### EXERCISE PROMPT
Copy every record verbatim. Leave the pictures out.

### SOURCE MATERIAL
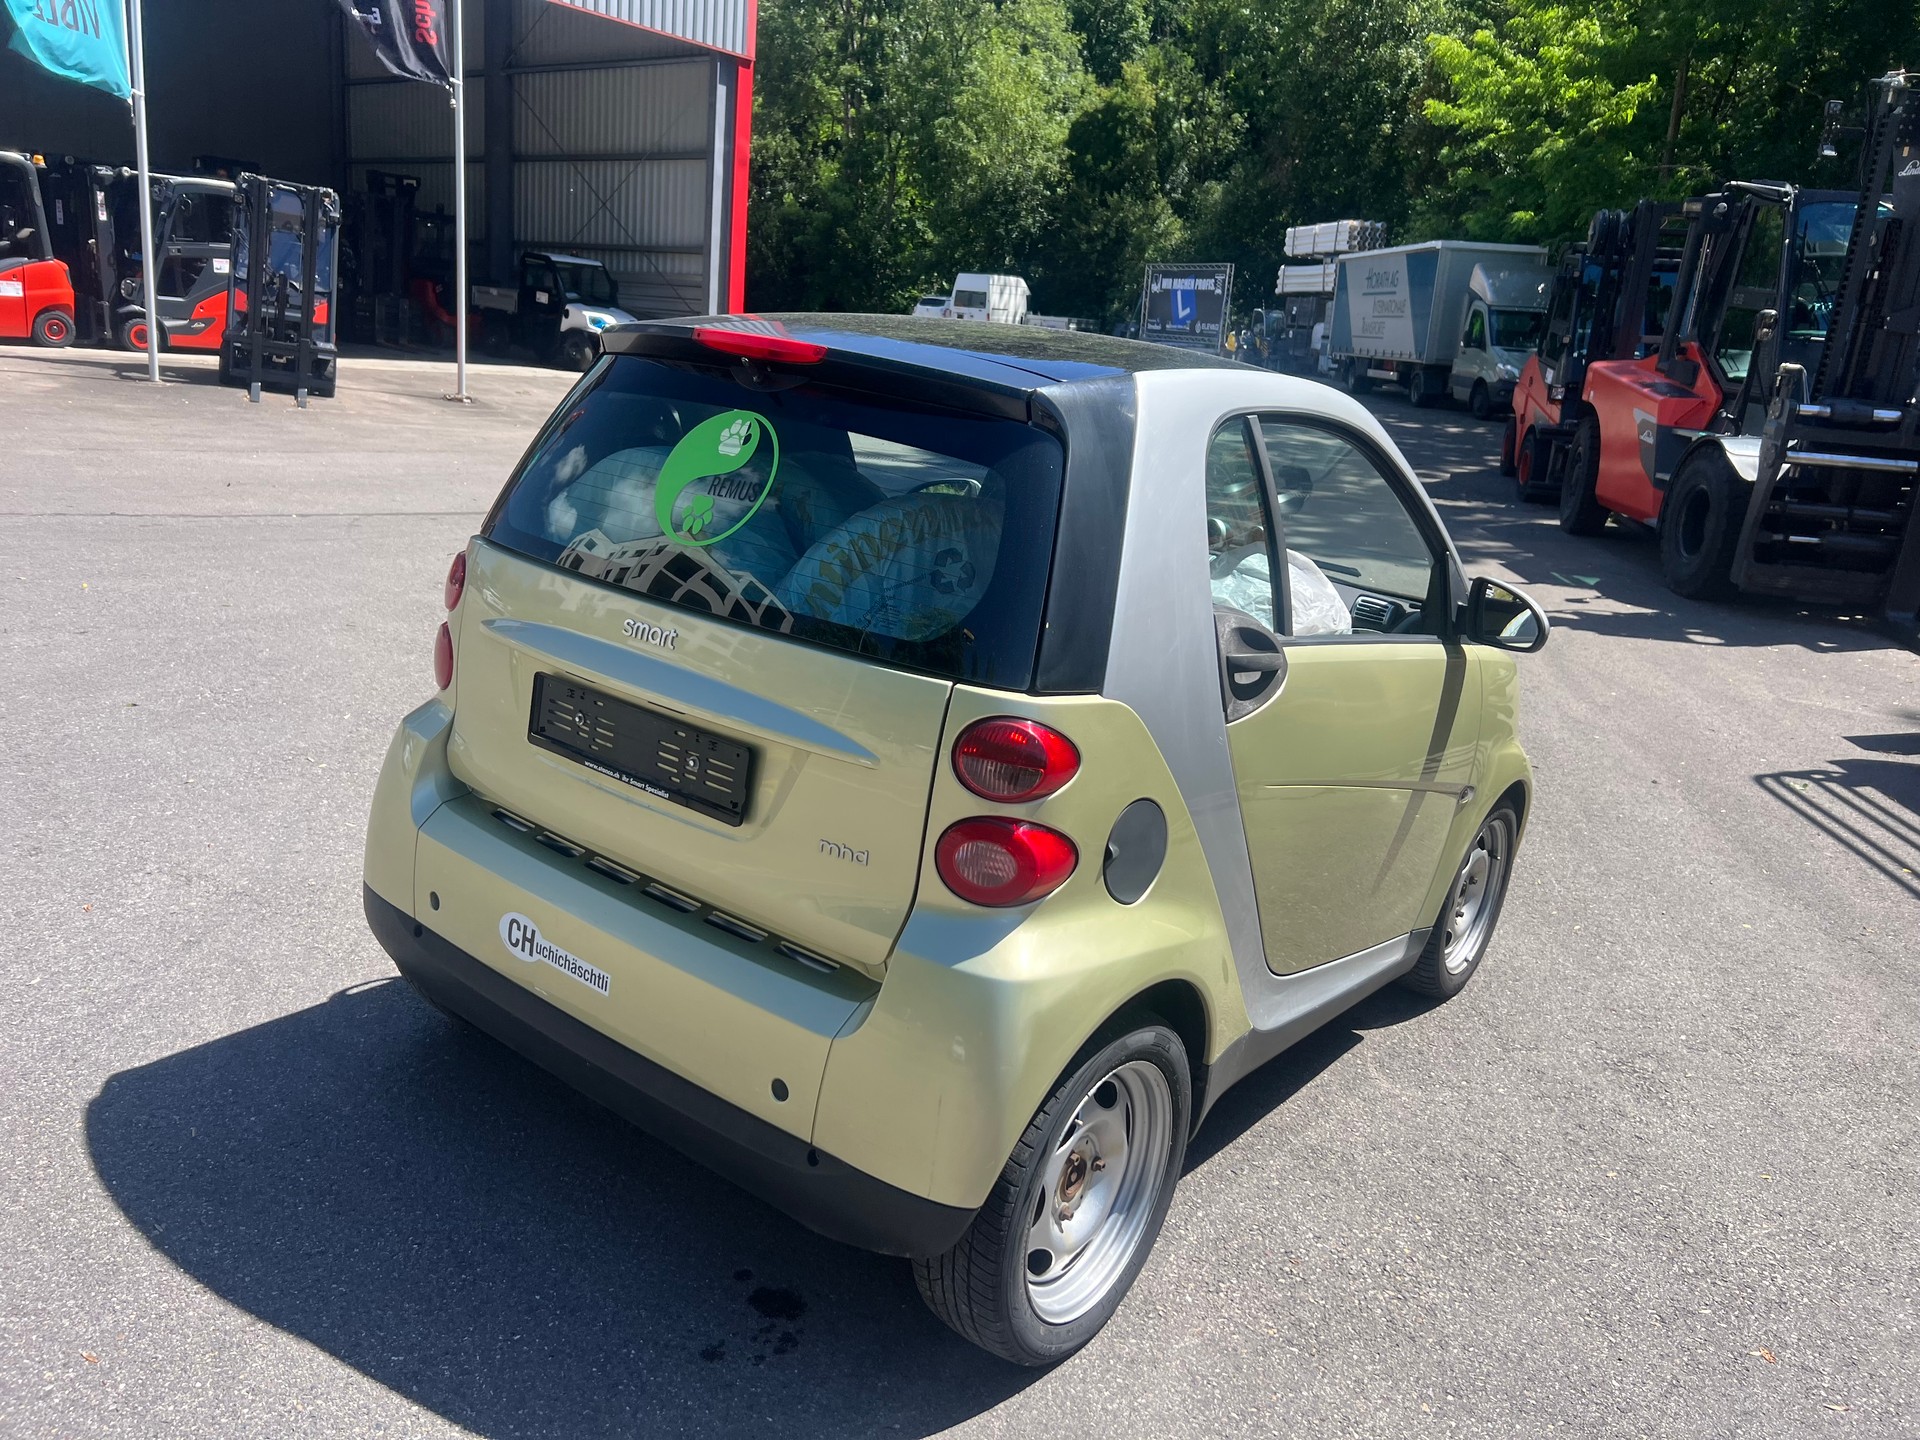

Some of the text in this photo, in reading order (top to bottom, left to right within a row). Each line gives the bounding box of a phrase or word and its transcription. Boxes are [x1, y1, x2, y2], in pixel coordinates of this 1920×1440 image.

[1173, 278, 1195, 290] MACHEN
[707, 476, 760, 502] REMUS
[622, 618, 679, 650] smart
[629, 777, 645, 789] Smart
[645, 783, 669, 798] Spezialist
[819, 838, 869, 866] mhd
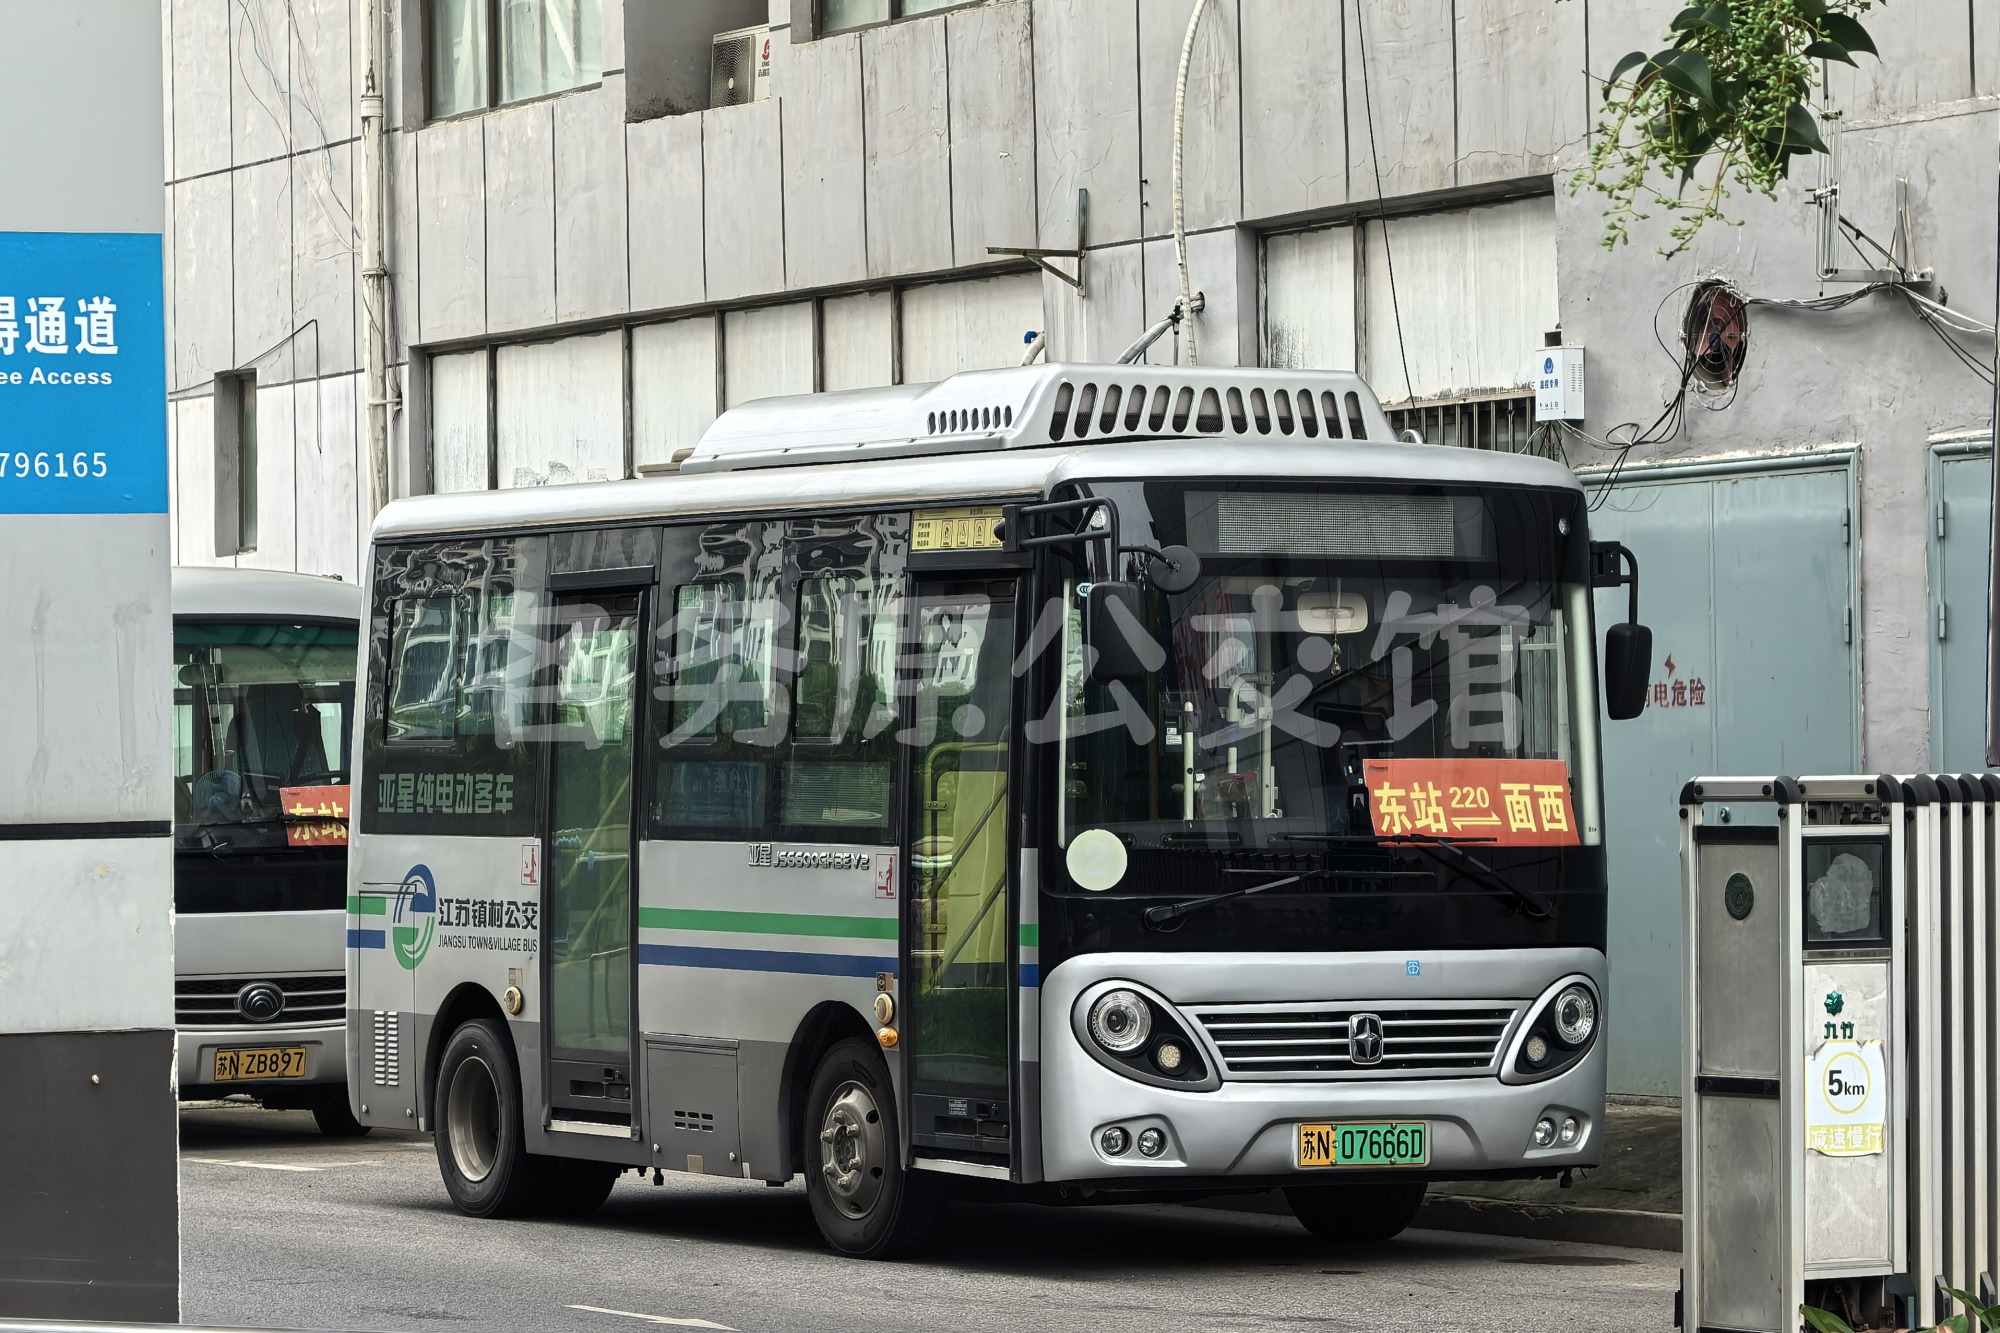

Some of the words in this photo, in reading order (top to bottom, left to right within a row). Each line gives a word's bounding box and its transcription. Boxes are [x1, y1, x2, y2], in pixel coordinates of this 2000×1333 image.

[29, 366, 113, 385] Access
[1645, 677, 1706, 708] 电危险
[377, 772, 514, 815] 亚星纯电动客车
[288, 801, 347, 841] 东站
[1373, 781, 1449, 834] 东站
[1449, 787, 1490, 808] 220
[1500, 783, 1569, 833] 面西
[748, 843, 772, 867] 亚星
[438, 897, 538, 930] 江苏镇村公交
[438, 934, 467, 949] JIANGSU
[468, 936, 521, 952] TOWN&VILLAGE
[522, 938, 538, 952] BUS
[1823, 1021, 1855, 1040] 九竹
[1828, 1069, 1865, 1096] 5km
[1810, 1126, 1882, 1149] 减速慢行

### RESPONSE TO THIS EXERCISE
Some of the text in this photo, in reading order (top to bottom, left to right within a row). Each line gives the bounding box of a phrase or word and its transcription. Boxes are [x1, y1, x2, y2], in pixel coordinates of this 1920×1440 image.

[1173, 278, 1195, 290] MACHEN
[707, 476, 760, 502] REMUS
[622, 618, 679, 650] smart
[629, 777, 645, 789] Smart
[645, 783, 669, 798] Spezialist
[819, 838, 869, 866] mhd

Some of the words in this photo, in reading order (top to bottom, left to right within a row). Each line gives a word's bounding box and its transcription. Boxes are [x1, y1, x2, y2], in pixel coordinates of this 2000×1333 image.

[29, 366, 113, 385] Access
[1645, 677, 1706, 708] 电危险
[377, 772, 514, 815] 亚星纯电动客车
[288, 801, 347, 841] 东站
[1373, 781, 1449, 834] 东站
[1449, 787, 1490, 808] 220
[1500, 783, 1569, 833] 面西
[748, 843, 772, 867] 亚星
[438, 897, 538, 930] 江苏镇村公交
[438, 934, 467, 949] JIANGSU
[468, 936, 521, 952] TOWN&VILLAGE
[522, 938, 538, 952] BUS
[1823, 1021, 1855, 1040] 九竹
[1828, 1069, 1865, 1096] 5km
[1810, 1126, 1882, 1149] 减速慢行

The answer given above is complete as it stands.